This function will calculate the pcs using prcomp function, and correlate categorical and numerical variables from metadata. The size of the dots indicates the importance of the metadata, for instance, when the range of the values is pretty small (from 0.001 to 0.002 in ribosimal content), the correlation results is not important. If black stroke lines are shown, the correlation analysis has a FDR < 0.05 for that variable and PC. Only significant variables according the linear model are colored. See details to know how this is calculated.

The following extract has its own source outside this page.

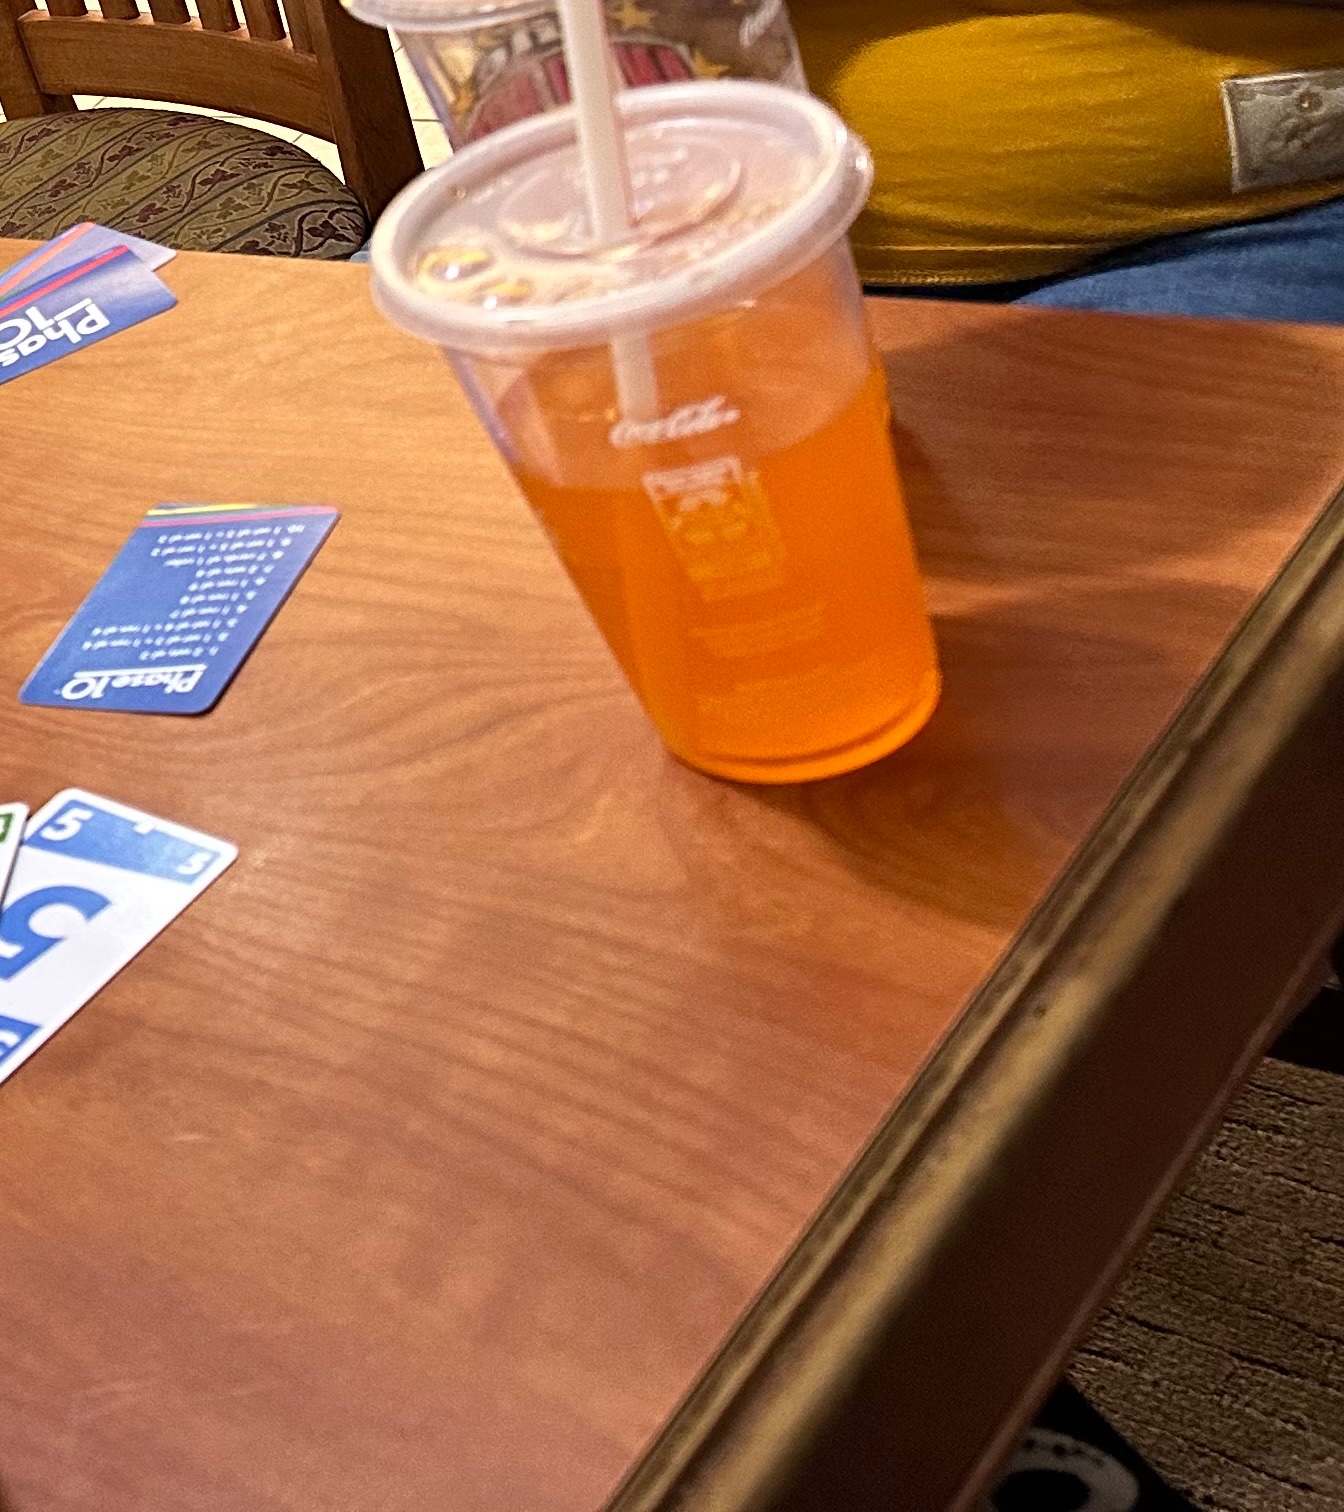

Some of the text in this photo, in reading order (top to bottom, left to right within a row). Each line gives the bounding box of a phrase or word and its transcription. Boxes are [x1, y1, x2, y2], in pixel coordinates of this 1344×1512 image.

[61, 675, 111, 701] 10
[112, 670, 205, 695] Phase
[40, 808, 93, 842] 5
[177, 851, 211, 876] 5

degCovariates(counts, metadata, fdr = 0.1, scale = FALSE, minPC = 5,
  correlation = "kendall", addCovDen = TRUE, legacy = FALSE,
  smart = TRUE, method = "lm", plot = TRUE)

Arguments

counts

normalized counts matrix

metadata

data.frame with samples metadata.

fdr

numeric value to use as cutoff to determine the minimum fdr to consider significant correlations between pcs and covariates.

scale

boolean to determine wether counts matrix should be scaled for pca. default FALSE.

minPC

numeric value that will be used as cutoff to select only pcs that explain more variability than this.

correlation

character determining the method for the correlation between pcs and covariates.

addCovDen

boolean. Whether to add the covariates dendograme to the plot to see covariates relationship. It will show degCorCov() dendograme on top of the columns of the heatmap.

legacy

boolean. Whether to plot the legacy version.

smart

boolean. Whether to avoid normalization of the numeric covariates when calculating importance. This is not used if legacy = TRUE. See @details for more information.

method

character. Whether to use lm or lasso to calculate the significance of the variable during reduction step. See @details for more information.

plot

Whether to plot or not the correlation matrix.

Value

: list:

  • plot, heatmap showing the signifcance of the variables.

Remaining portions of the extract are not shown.